Open data et biodiversité : premiers décrets, premiers exemples

| 15 décembre 2016 | 0 commentaire

Catégorie: A l'actu, Données, Environnement, IDG/IDS, Institutions, Open Data, Uncategorized

La loi sur la biodiversité prend corps grâce aux premiers décrets d’application. Ils mettent l’accent sur l’extension de l’open data et renforcent la diffusion. Dans ce domaine, le parc naturel des Écrins montre la voie.

« Le risque majeur qui pèse sur la biodiversité, c’est l’ignorance, pas la connaissance, » martèle Barbara Pompili, secrétaire d’État à la biodiversité, en ouverture de la conférence de presse organisée le 29 novembre sur les dernières avancées en matière de gestion et de diffusion nationale des données.

L’open data s’étend au privé

Les premiers décrets d’application de la loi sur la biodiversité vont bien dans ce sens. Désormais, toutes les données relevant de l’Inventaire national du patrimoine naturel (INPN) devront être publiées en open data, sauf si cette diffusion menace l’existence même des espèces et de leur environnement. Associations, institutions mais également bureaux d’études (à partir de janvier 2018) devront alimenter l’INPN, via les relais régionaux et thématiques du Système d’information nature et paysage (SINP). Aujourd’hui, il assemble 40 millions de données mais Bruno David, président du Muséum national d’histoire naturelle espère bien « atteindre une centaine de millions de données d’ici deux à trois ans ». Pour permettre le téléversement des données, le CEREMA et le Museum national d’histoire naturelle sont en cours d’élaboration du cahier des charges d’une plateforme qui assurera la cohérence, la standardisation, la traçabilité des données et le respect des référentiels du SINP.
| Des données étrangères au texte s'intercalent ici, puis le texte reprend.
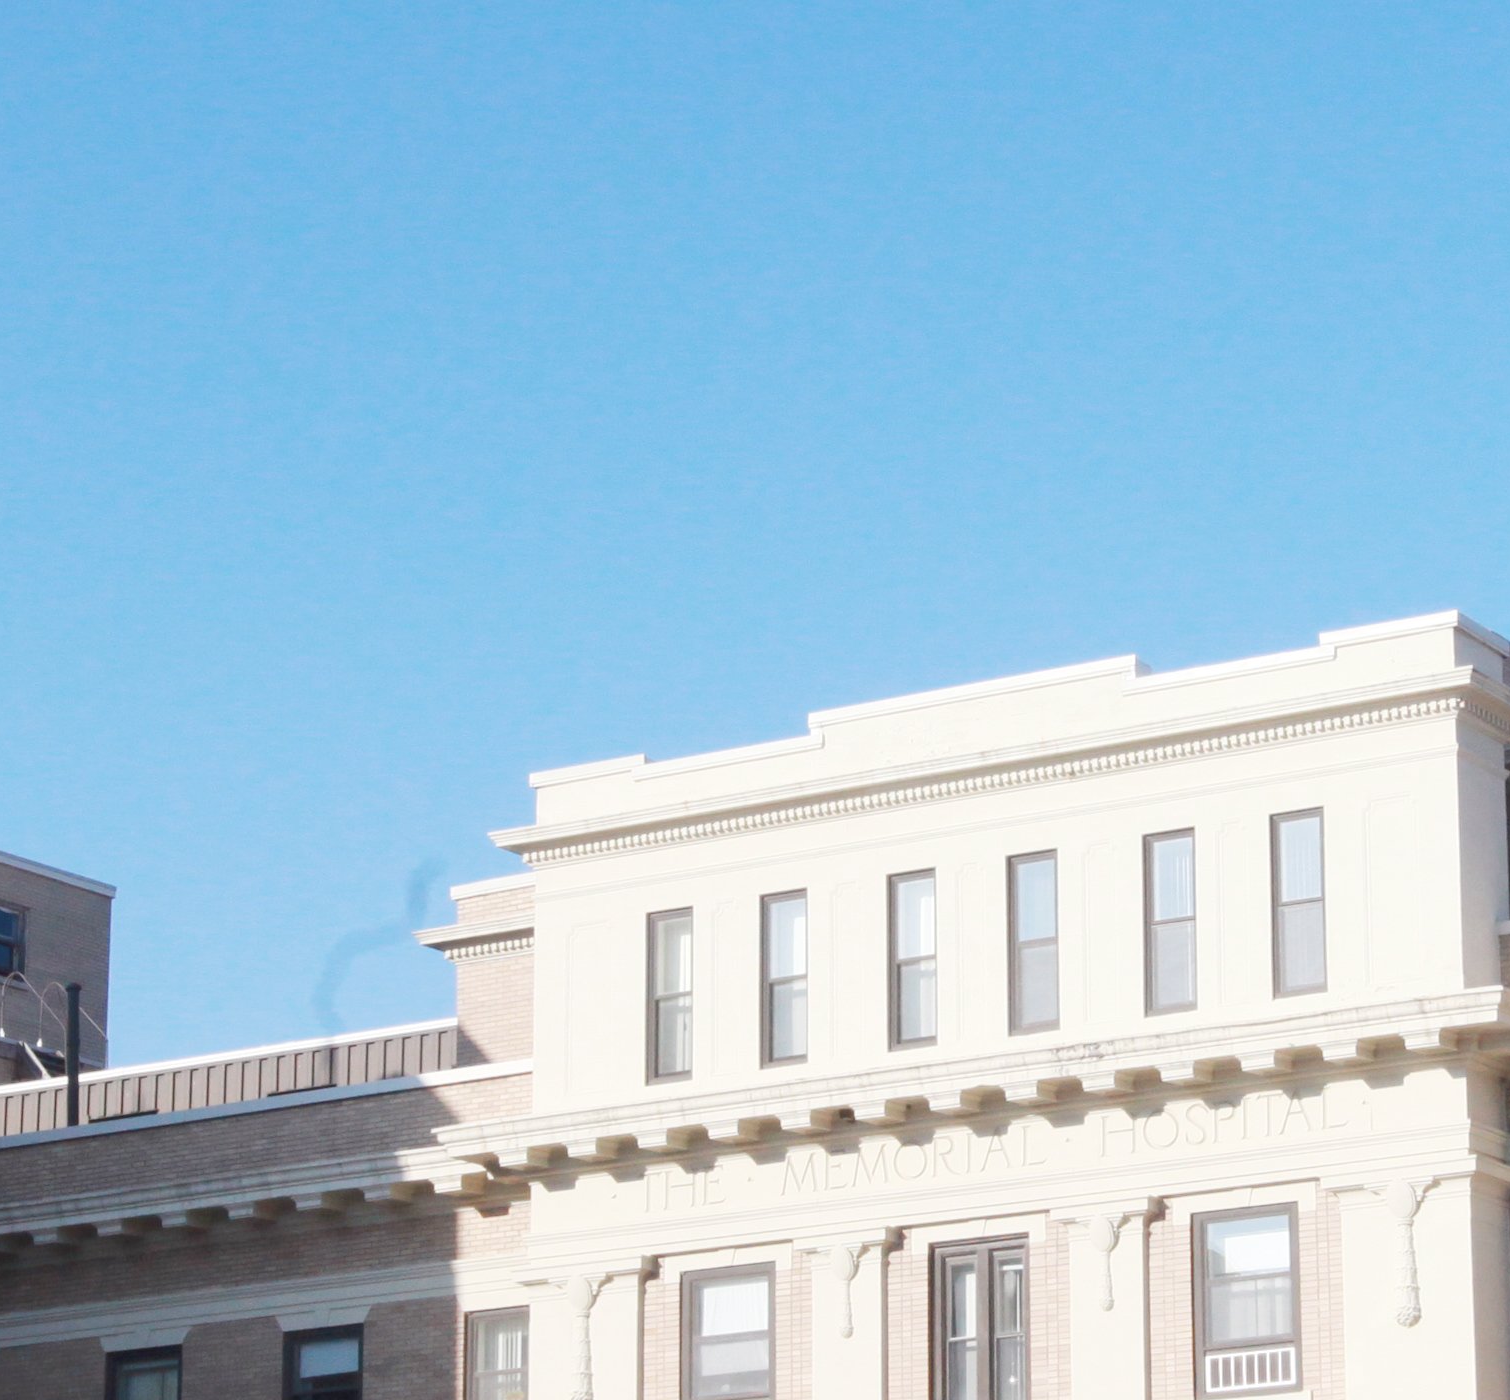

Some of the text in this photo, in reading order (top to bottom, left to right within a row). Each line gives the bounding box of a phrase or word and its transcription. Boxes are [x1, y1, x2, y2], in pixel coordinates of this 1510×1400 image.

La consultation publique sur le site de l’INPN continue à se faire selon une maille de dix kilomètres de large ou à la commune. Les possibilités de téléchargement vont s’étendre (limité aujourd’hui aux zonages) pour prendre en compte l’ensemble des données, qui seront accessibles selon leur niveau de sensibilité à l’échelle la plus fine (géolocalisation précise) ou de façon floutée. Les données sensibles non floutées ne seront accessibles, elles, qu’aux organismes habilités (DREAL, Agence française de la biodiversité…) ou dans le cadre de partenariats validés.
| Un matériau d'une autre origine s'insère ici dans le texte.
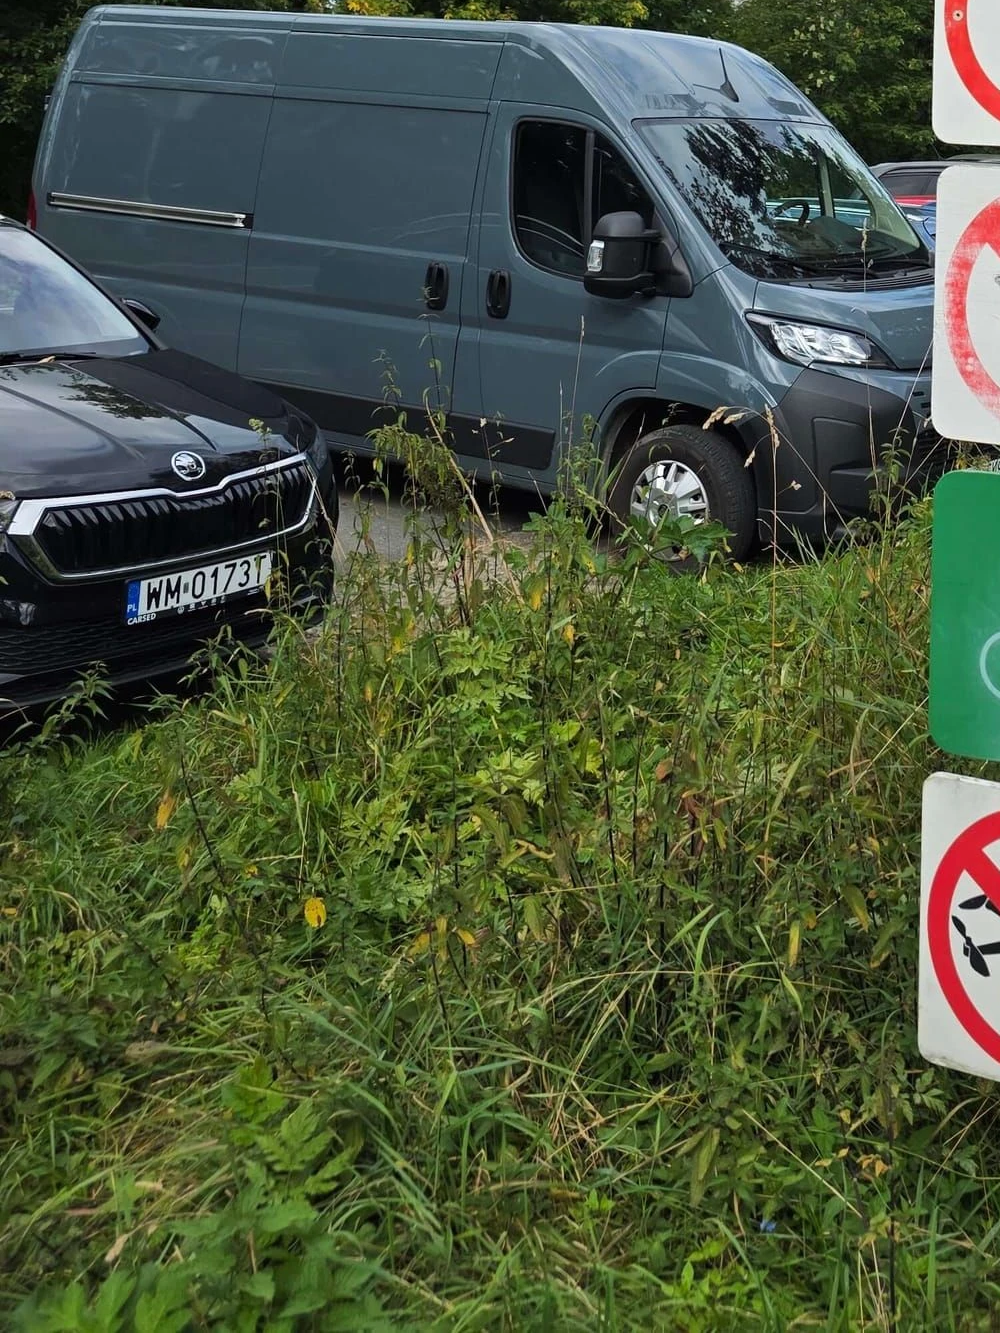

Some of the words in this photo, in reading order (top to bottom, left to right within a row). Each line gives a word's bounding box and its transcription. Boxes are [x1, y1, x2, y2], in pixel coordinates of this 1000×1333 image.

[146, 576, 182, 611] WM
[191, 554, 267, 600] 0173T
[127, 603, 137, 613] PL
[127, 612, 157, 626] CARSED
Un atlas interactif aux Écrins

Open data et open source font bon ménage en matière de biodiversité. Photos, statistiques, graphiques, carte des dernières observations… Biodiv’Ecrins regorge d’informations.

Cette conférence de presse a également été l’occasion de découvrir Biodiv Ecrins, l’atlas de la faune et de la flore mis en ligne par le parc national des Écrins. Le site permet de connaître les espèces présentes dans chaque commune du parc, d’accéder à des fiches détaillées et illustrées par espèce… le tout avec une fenêtre cartographique de géolocalisation. « L’atlas regroupe 500 000 données recueillies depuis quarante ans. Il comprend des photos, des vidéos, des rapports scientifiques… ce sont toutes les connaissances de nos agents qui sont rassemblées » se félicite Camille Monchicourt, chef du pôle système d’information du parc. Développé en interne sous forme d’un projet open source, GeoNature-atlas peut facilement être exploité par d’autres structures. Souhaitons-lui le même succès que Geotrek.